Data entries
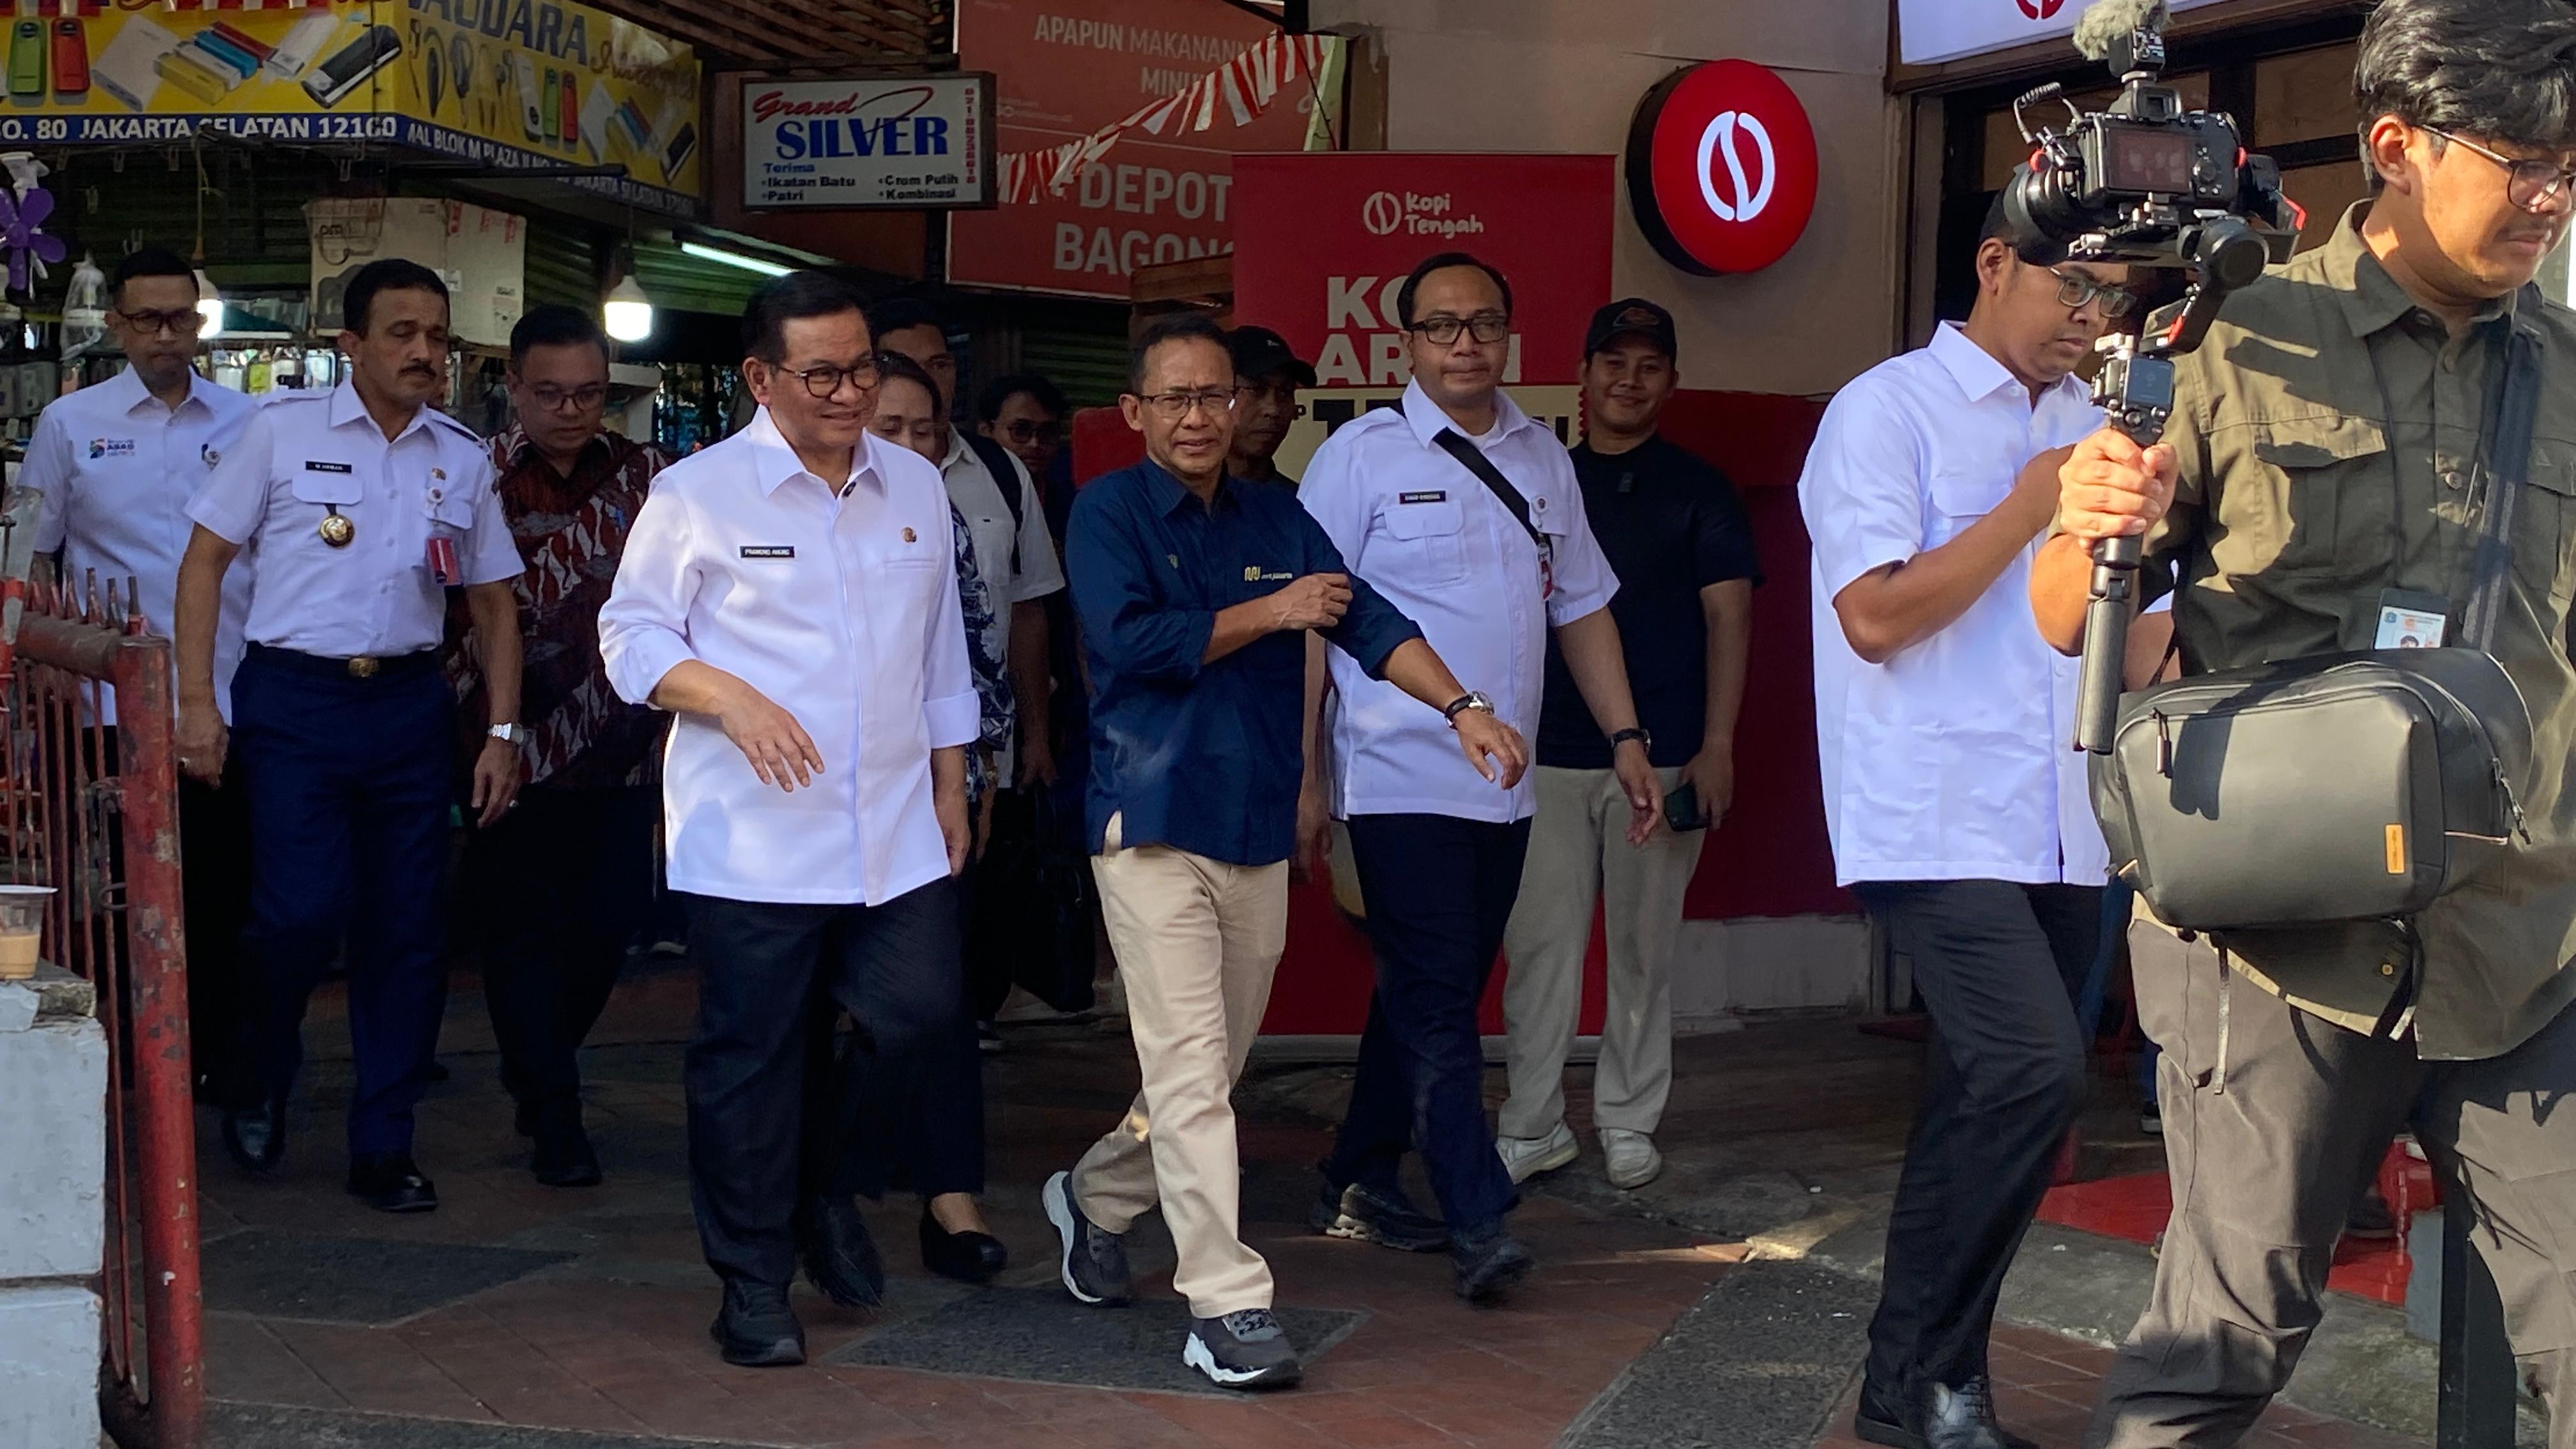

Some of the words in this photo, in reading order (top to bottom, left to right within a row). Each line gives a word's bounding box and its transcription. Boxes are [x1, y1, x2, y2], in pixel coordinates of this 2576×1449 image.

[408, 0, 588, 65] UDARA
[1035, 14, 1124, 52] APAPUN
[753, 91, 859, 123] Grand
[0, 118, 29, 141] O.
[36, 118, 66, 140] 80
[79, 118, 192, 140] JAKARTA
[318, 116, 397, 139] 12160
[776, 117, 948, 160] SILVER
[434, 128, 466, 156] BLOK
[468, 137, 480, 160] M
[483, 142, 521, 168] PLAZA
[763, 162, 815, 173] Terima
[768, 176, 816, 187] Ikatan
[820, 176, 855, 187] Batu
[925, 174, 958, 184] Putih
[768, 190, 804, 201] Patri
[1080, 162, 1234, 222] DEPOT
[1406, 192, 1451, 212] Kopi
[1404, 215, 1484, 240] Tengah
[1054, 222, 1234, 276] BAGO

**About this task**
Leave out the pictures, and give all the records again exactly.

**Solution below**
Some of the words in this photo, in reading order (top to bottom, left to right within a row). Each line gives a word's bounding box and its transcription. Boxes are [x1, y1, x2, y2], in pixel coordinates of this 2576×1449 image.

[408, 0, 588, 65] UDARA
[1035, 14, 1124, 52] APAPUN
[753, 91, 859, 123] Grand
[0, 118, 29, 141] O.
[36, 118, 66, 140] 80
[79, 118, 192, 140] JAKARTA
[318, 116, 397, 139] 12160
[776, 117, 948, 160] SILVER
[434, 128, 466, 156] BLOK
[468, 137, 480, 160] M
[483, 142, 521, 168] PLAZA
[763, 162, 815, 173] Terima
[768, 176, 816, 187] Ikatan
[820, 176, 855, 187] Batu
[925, 174, 958, 184] Putih
[768, 190, 804, 201] Patri
[1080, 162, 1234, 222] DEPOT
[1406, 192, 1451, 212] Kopi
[1404, 215, 1484, 240] Tengah
[1054, 222, 1234, 276] BAGO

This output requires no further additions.